Generalized tonic-clonic (grand mal) seizures can be hazardous in pregnancy. They can cause miscarriages and the trauma from falling is a major cause of obstetrical injury. Tonic-clonic seizures place both the mother and the fetus at risk for hypoxia (oxygen deficiency) and acidosis (a blood disorder), both of which can affect the mother's and baby's central nervous systems. Also, generalized seizures occurring during labour can affect the baby's heart rate. |
Potential Fetal and Congenital Malformations
- Be aware of the risk of major malformations, minor anomalies and developmental disturbances in the fetus or infant, taking into account the family history, type and severity of your epilepsy and/or intrauterine AED exposure.
- Be aware of pregnancy complications:
- vaginal bleeding
- anemia (low blood iron)
- hyperemesis gravidarum (excessive vomiting)
- toxemia (illnesses due to bacterial infections)
- induced labour
- premature rupture of membranes
- stillbirth
- perinatal death.
FACT: Whatever the cause of any malformations, they do not occur often enough to support avoiding or terminating a pregnancy. However, if a 6% risk of having a child with a malformation is unacceptable to you, it is important that you make the decision that is best for you.

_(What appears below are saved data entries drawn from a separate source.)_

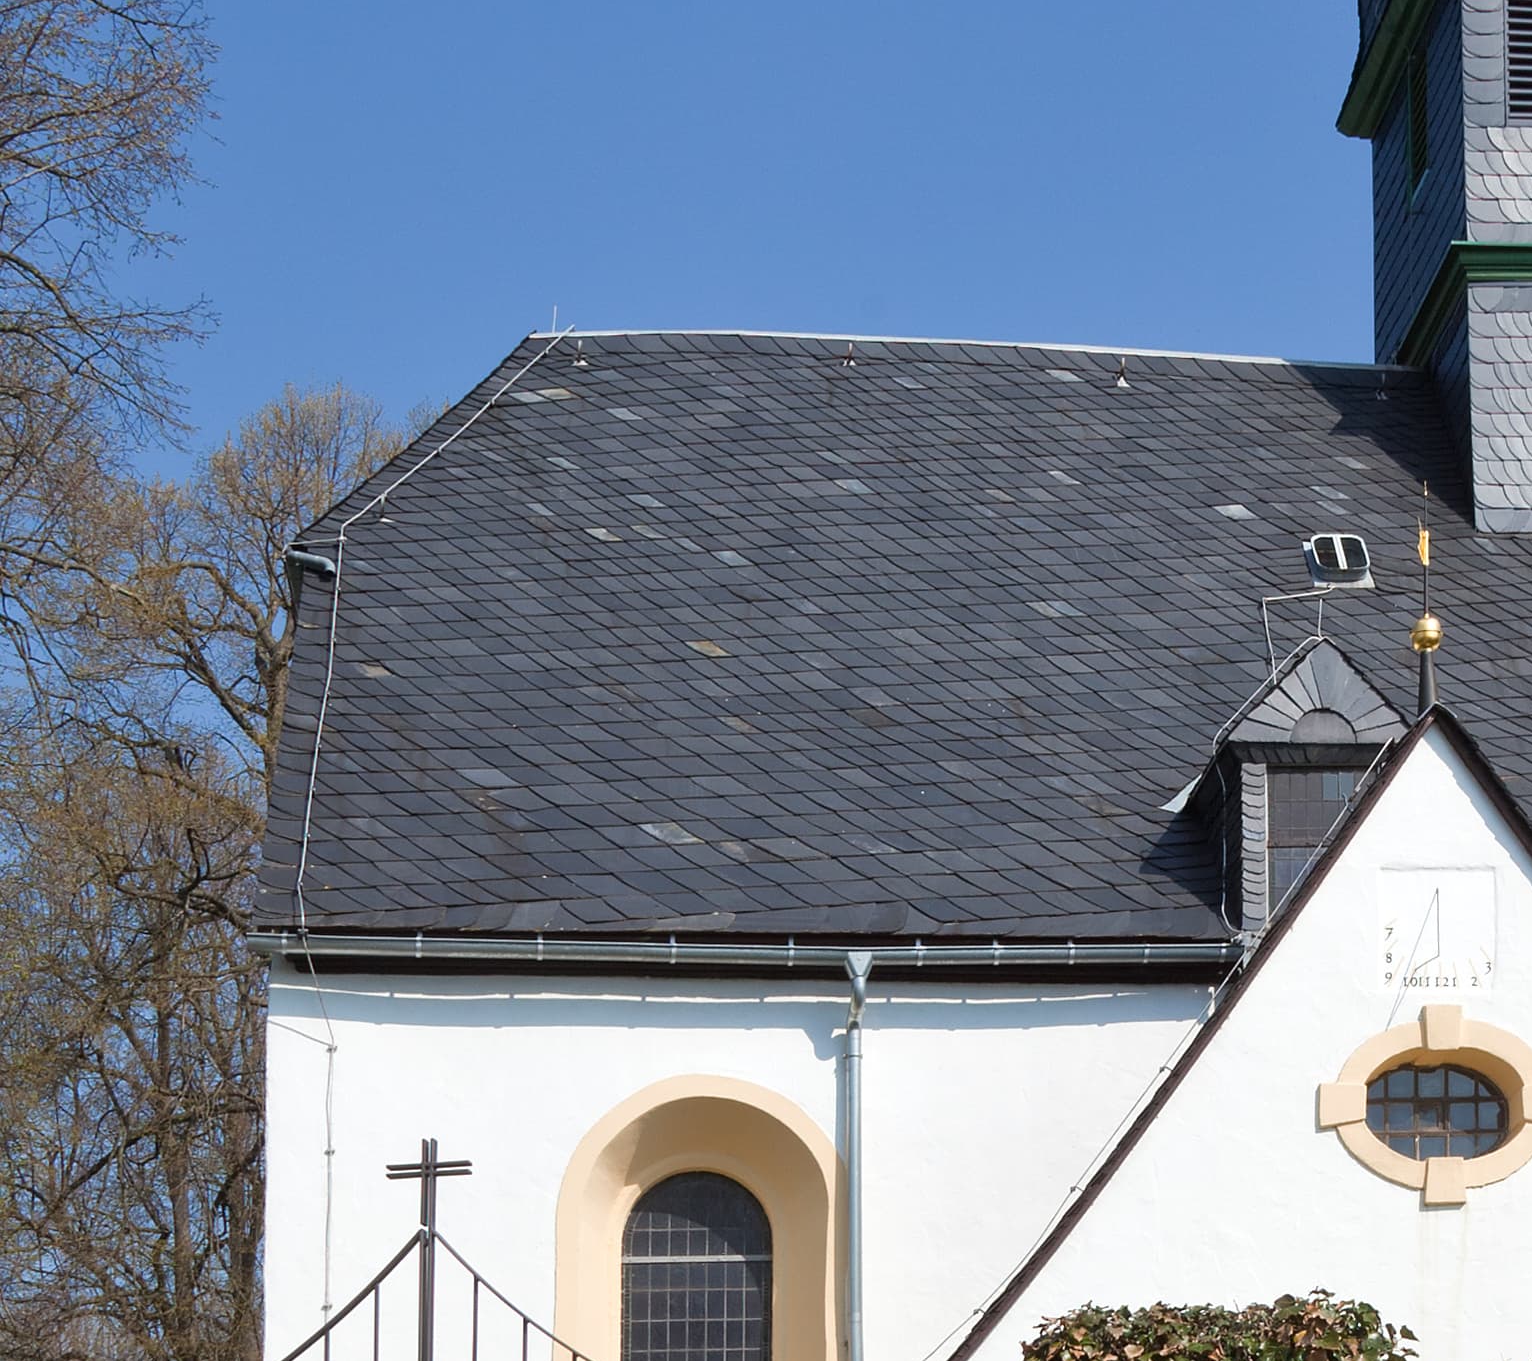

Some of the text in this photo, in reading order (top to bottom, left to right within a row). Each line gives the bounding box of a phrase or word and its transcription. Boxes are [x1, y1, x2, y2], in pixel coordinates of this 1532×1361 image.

[1384, 926, 1394, 942] 7
[1385, 952, 1393, 964] 8
[1484, 961, 1492, 976] 3
[1384, 971, 1393, 985] 9
[1402, 976, 1418, 987] 10
[1418, 976, 1430, 987] 11
[1435, 976, 1449, 987] 12
[1471, 976, 1479, 987] 2

Defects in the developing child have been reported with the use of all AEDs.
- Dysmorphic features (minor anomalies), such as a cleft lip. Children tend to outgrow these features.
- Minor malformations:
- equinovarus (club foot)
- hypospadias (displacement of the infant's urethra).
- Major malformations:
- Cardiac defects have been linked to phenobarbital, phenytoin and primidone.
- Neural tube defects such as microcephaly, anencephaly, and spina bifida have been associated with valproate and sometimes with carbamazepine. The likelihood of a neural tube defect very much depends on the family history for this disorder.

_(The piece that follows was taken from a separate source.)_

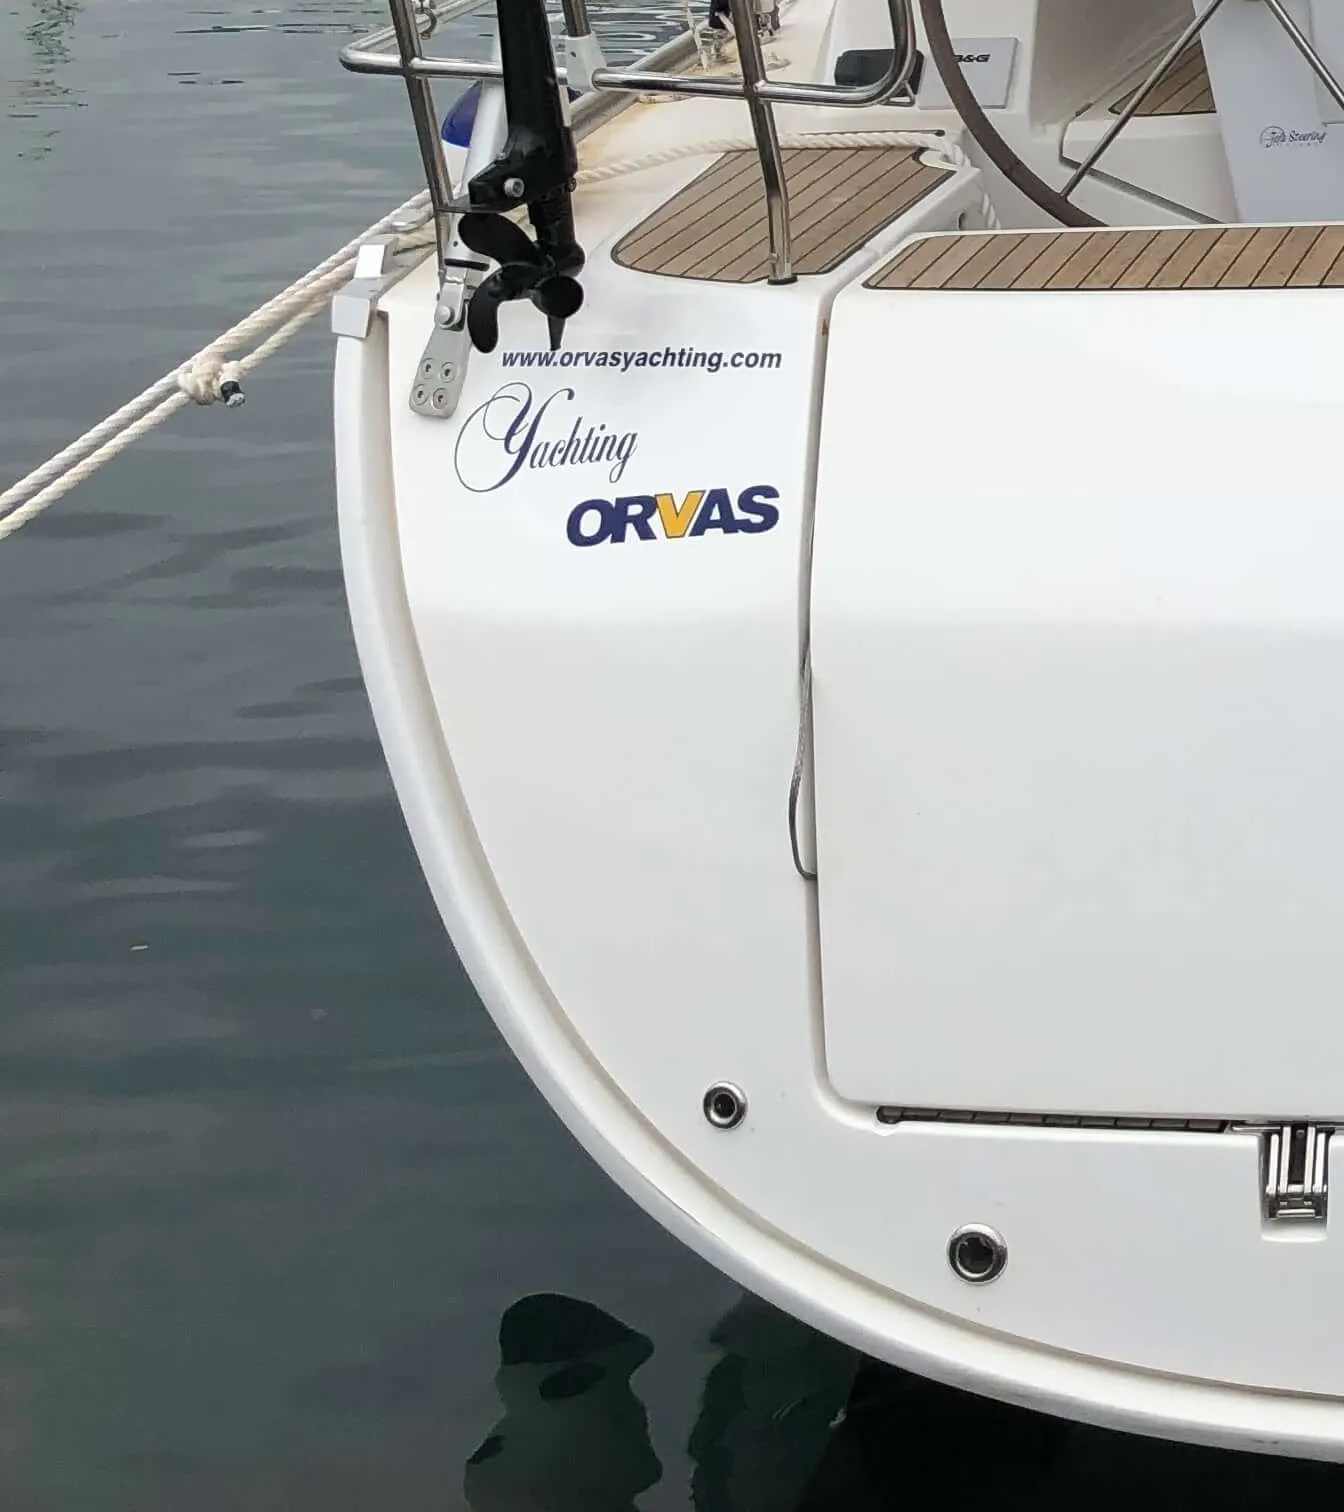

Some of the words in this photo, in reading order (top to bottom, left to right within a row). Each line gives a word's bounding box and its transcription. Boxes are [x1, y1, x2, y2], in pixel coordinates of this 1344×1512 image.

[501, 347, 783, 373] www.orvasyachting.com
[453, 381, 638, 493] Yachting
[566, 484, 780, 548] ORVAS

The actual cause for the increased risk of defects has not been determined, but there are three strong possibilities:
1. Birth defects may be genetically related to whatever causes the epilepsy.
2. Birth defects may be related to antiepileptic medications needed to control seizures.

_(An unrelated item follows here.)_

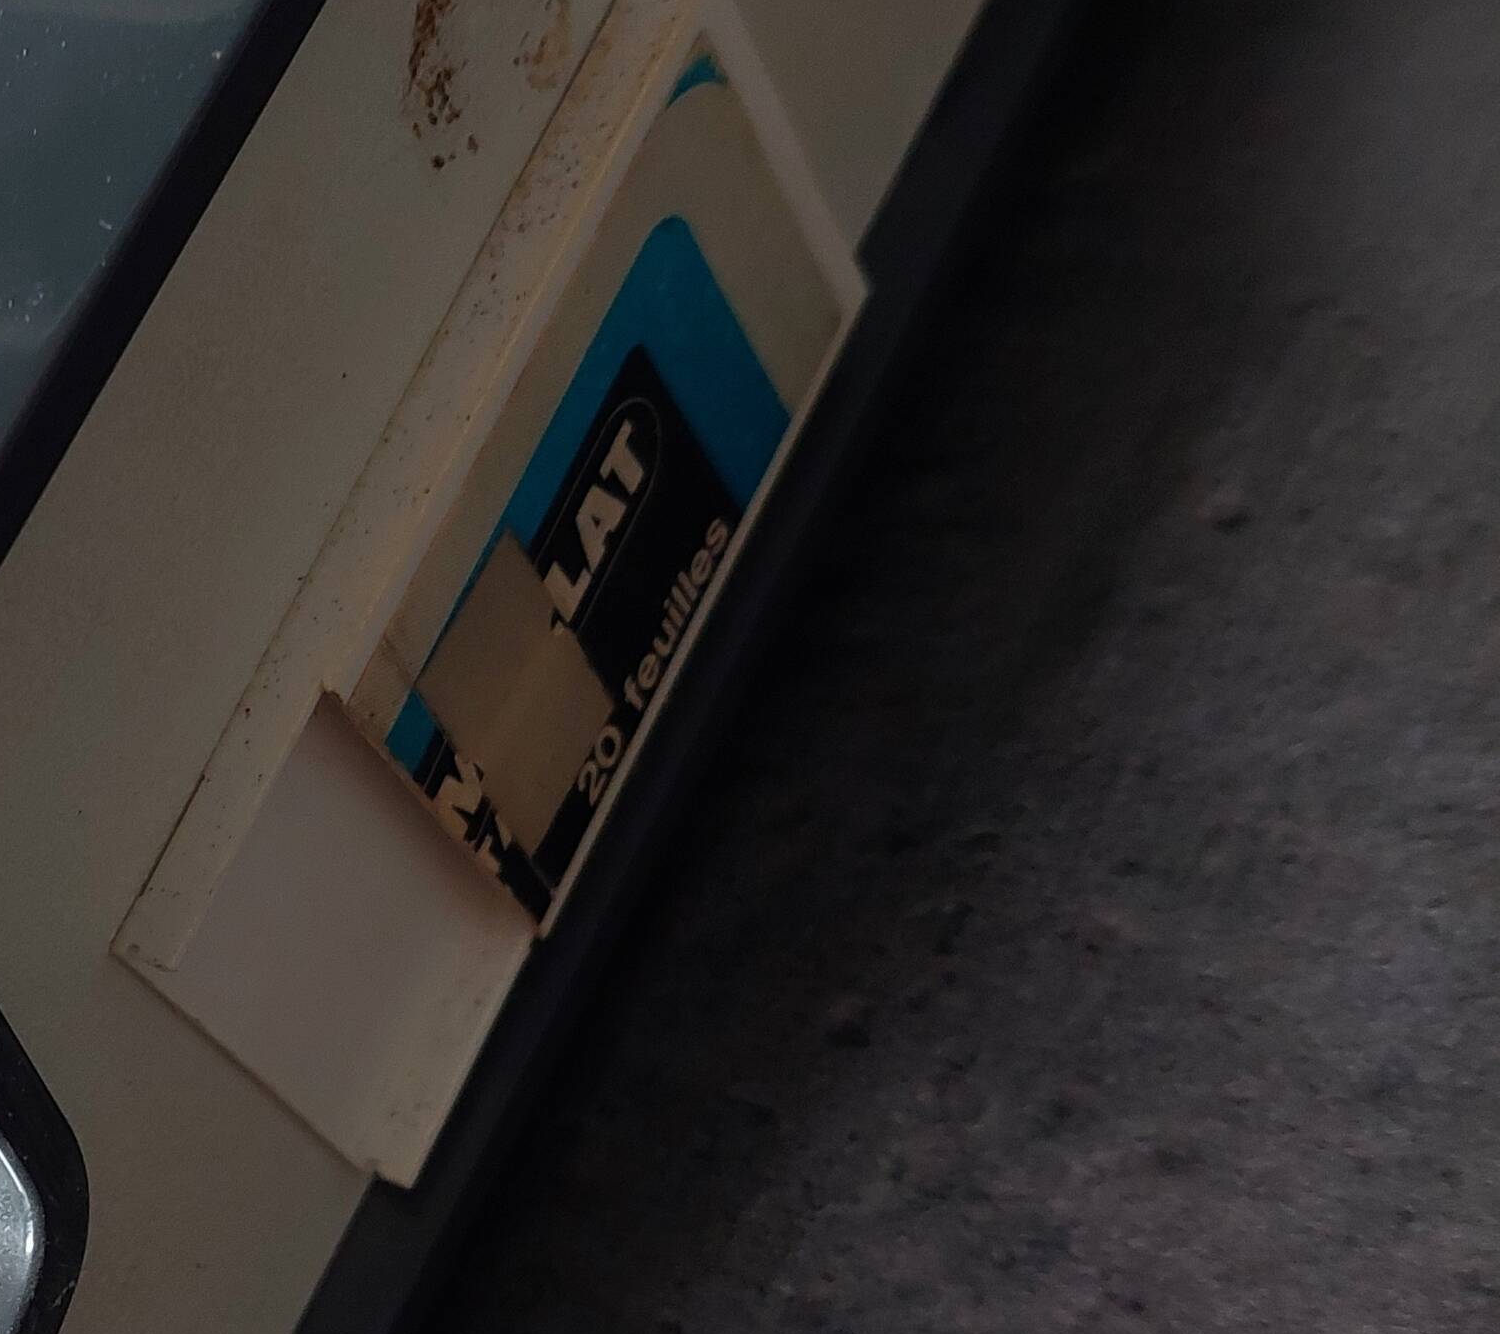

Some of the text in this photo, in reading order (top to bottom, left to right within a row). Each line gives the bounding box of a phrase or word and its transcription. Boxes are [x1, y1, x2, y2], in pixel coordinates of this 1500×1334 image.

3. Birth defects may occur because the baby may have a genetic susceptibility to possible harmful effects of medications.
Breastfeeding and Other Postpartum Issues
When a mother has been taking antiepileptic medication during pregnancy, there is a possibility that her baby will appear sedated during the first few hours or days after birth. The medication most commonly linked to this effect is phenobarbital. After the sedation wears off, some babies will develop withdrawal symptoms. These can consist of irritability (excessive crying, not feeding well, etc.), involuntary trembling, vomiting, poor sucking, fast breathing, and sleep disturbances. One or more of these symptoms may last from a few days to about three months. Valproate (Depakene®, Depakote®, Epival®) used during pregnancy has led to manifestations of withdrawal symptoms as well. Often these small side effects are transient. Psychomotor retardation (slowed activity of the mind and body) is also associated with AED use and it is generally transitory.
FACT: The health benefits of breastfeeding your baby include protection from respiratory and gastrointestinal infections. It is advised by many experts that breastfeeding is quite safe for women with epilepsy.
- Your decision whether or not to breastfeed should be based on the consideration of various factors:
- your desire to breastfeed
- the number of AEDs you are receiving
- your blood AED levels
- the condition of your infant
- the different transmission rates of AEDs into the breastmilk
- the different half-lives of these drugs.
- There are a few medications that can attain higher levels in human breast milk:
- benzodiazepines (diazepam, lorezapam)
- carbamazepine (Tegretol®)
- ethosuximide (Zarontin®)
- phenobarbital
- primidone (Mysoline®).
- If you're taking just one of these medications, you can still breast feed as long as you watch your baby carefully for any signs of sedation. Certainly if your baby fails to gain weight because it is too sedated to eat, you'll need to stop breast feeding.
FACT: If you are taking both phenobarbital and primidone (Mysoline®) together, you should not breast feed your baby.